Segment Start: TASK INPUTS
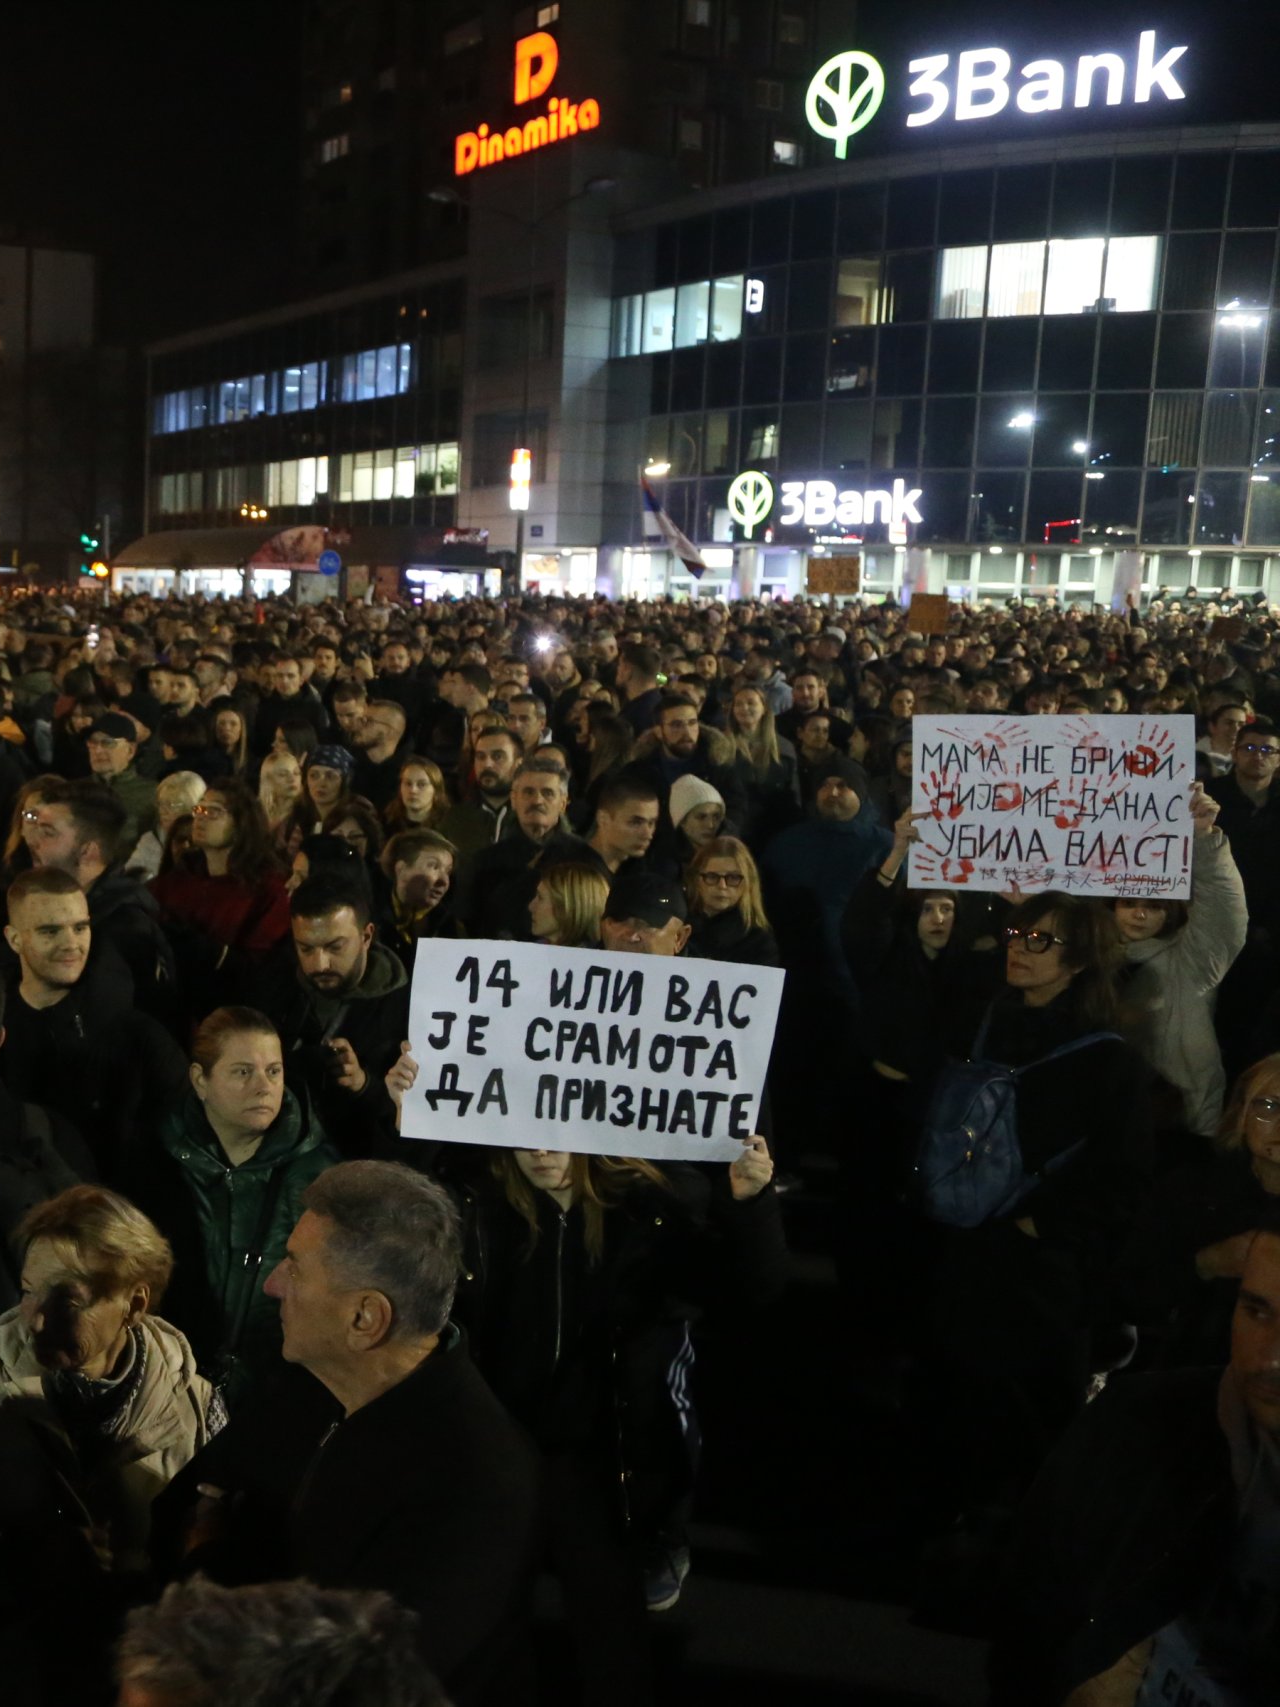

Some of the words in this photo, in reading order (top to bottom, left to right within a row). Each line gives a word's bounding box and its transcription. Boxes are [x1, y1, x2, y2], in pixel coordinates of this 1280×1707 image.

[906, 30, 1188, 127] 3Bank
[455, 98, 599, 176] Dinamika
[780, 478, 923, 525] 3Bank
[920, 743, 1003, 774] МАМА
[1023, 745, 1055, 774] НЕ
[1072, 746, 1173, 780] БРИНИ
[937, 782, 1008, 812] НИЈЕ
[1022, 784, 1059, 817] МЕ
[938, 824, 1048, 863] УБИЛА
[1065, 830, 1189, 873] ВЛАСТ!
[456, 956, 519, 1007] 14
[549, 965, 644, 1016] ИЛИ
[665, 975, 757, 1029] ВАС
[428, 1012, 490, 1056] ЈЕ
[524, 1017, 738, 1080] СРАМОТА
[424, 1063, 509, 1117] ДА
[535, 1074, 753, 1140] ПРИЗНАТЕ
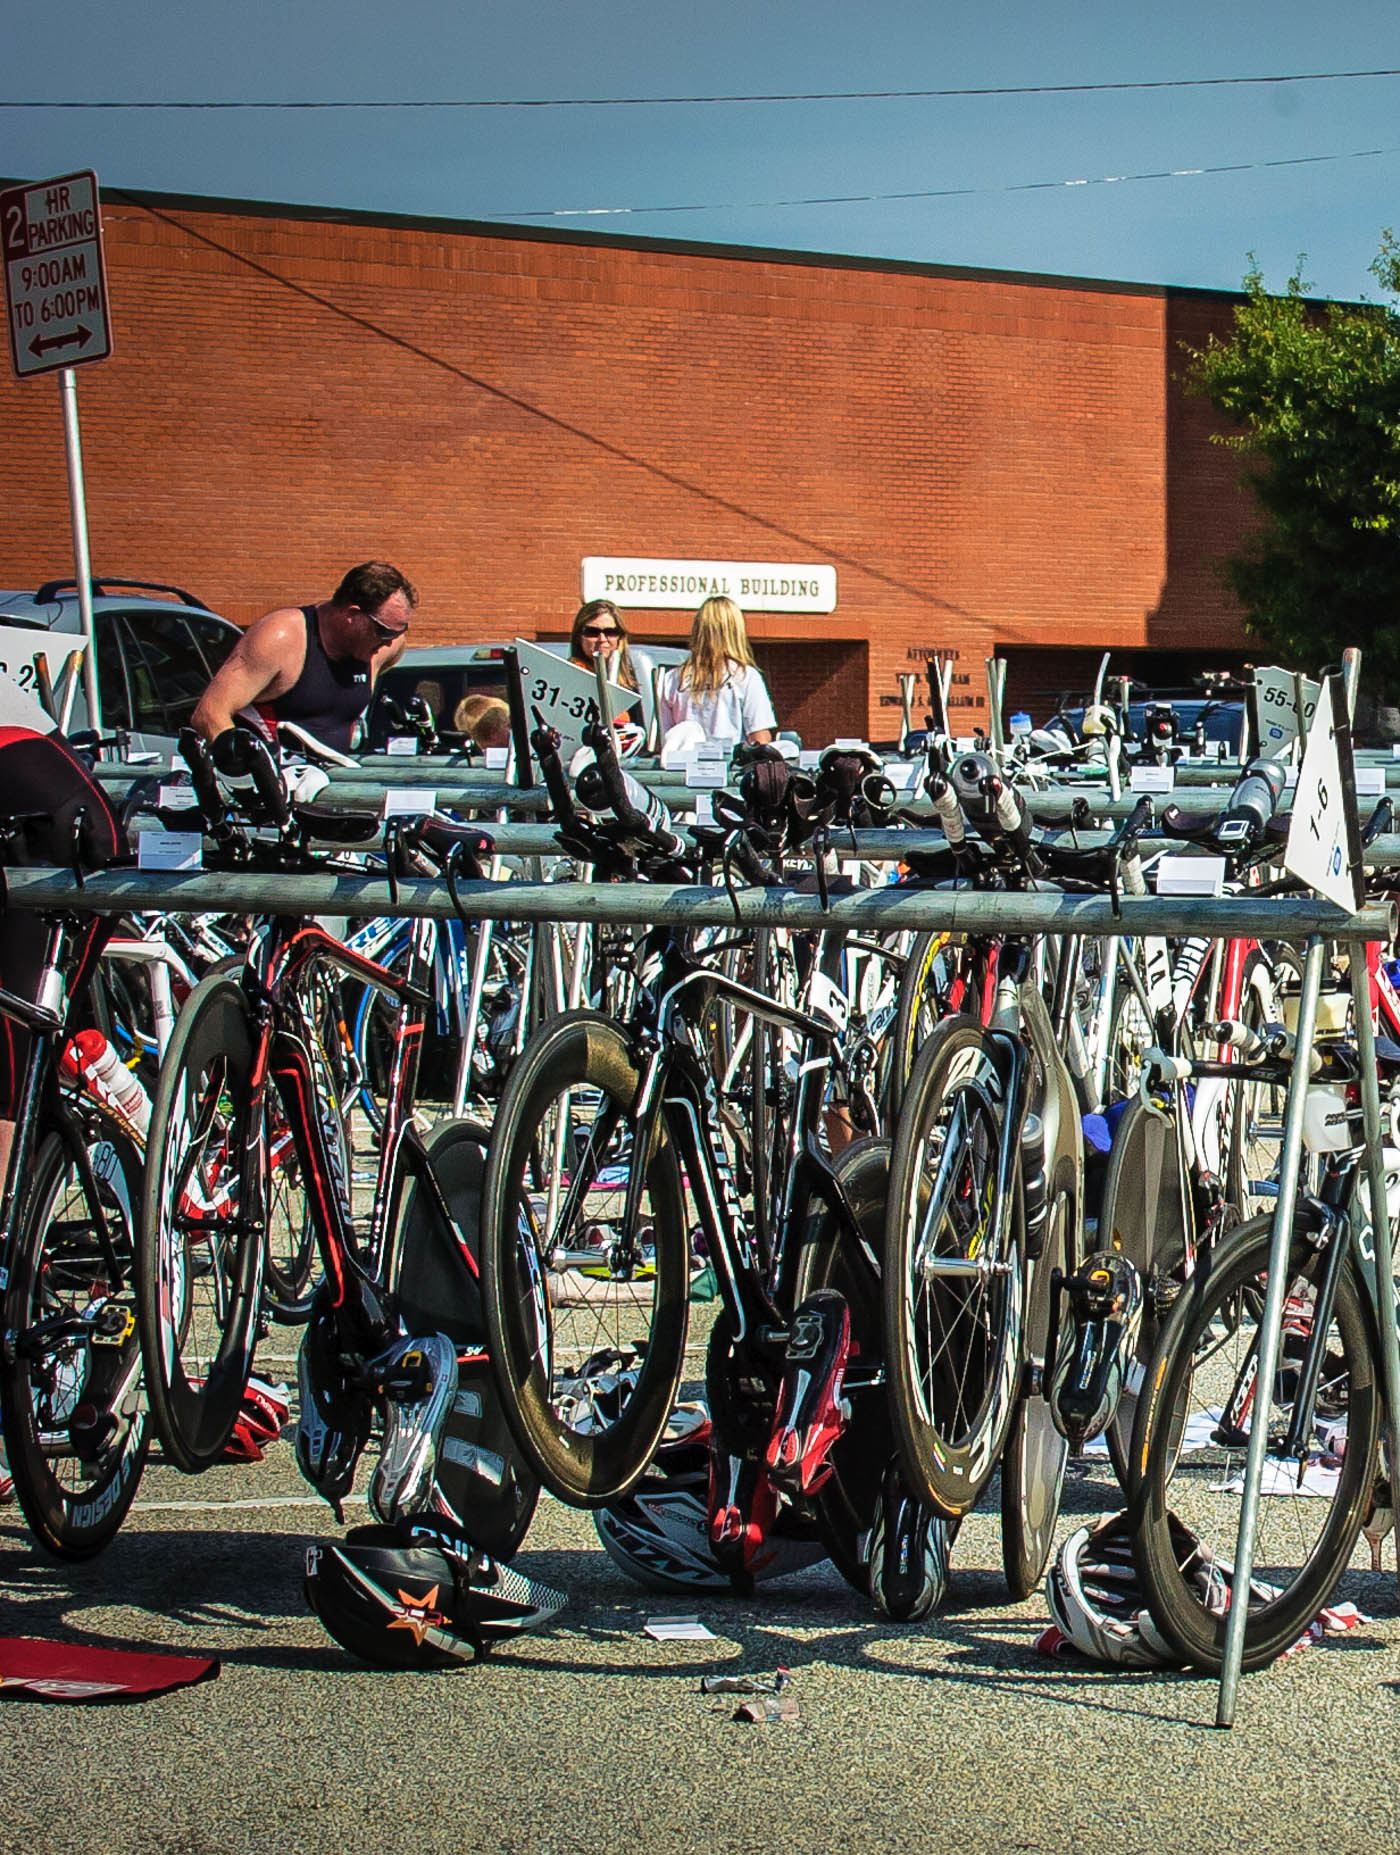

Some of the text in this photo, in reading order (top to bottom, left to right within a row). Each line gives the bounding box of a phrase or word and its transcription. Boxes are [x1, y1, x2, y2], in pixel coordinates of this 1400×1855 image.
Segment End: TASK INPUTS
_WHAT IS NEEDED_
Return all entries preceding this task exactly as they stand, leaving any picture out.

_RESPONSE AREA_
Some of the words in this photo, in reading order (top to bottom, left to right within a row). Each line gives a word's bounding box and its transcription. Boxes are [x1, y1, x2, y2], in pixel coordinates of this 1280×1707 image.

[906, 30, 1188, 127] 3Bank
[455, 98, 599, 176] Dinamika
[780, 478, 923, 525] 3Bank
[920, 743, 1003, 774] МАМА
[1023, 745, 1055, 774] НЕ
[1072, 746, 1173, 780] БРИНИ
[937, 782, 1008, 812] НИЈЕ
[1022, 784, 1059, 817] МЕ
[938, 824, 1048, 863] УБИЛА
[1065, 830, 1189, 873] ВЛАСТ!
[456, 956, 519, 1007] 14
[549, 965, 644, 1016] ИЛИ
[665, 975, 757, 1029] ВАС
[428, 1012, 490, 1056] ЈЕ
[524, 1017, 738, 1080] СРАМОТА
[424, 1063, 509, 1117] ДА
[535, 1074, 753, 1140] ПРИЗНАТЕ

Some of the text in this photo, in reading order (top to bottom, left to right within a row). Each line gives the bounding box of a phrase or word and its transcription. Boxes are [x1, y1, x2, y2], in pixel coordinates of this 1400×1855 image.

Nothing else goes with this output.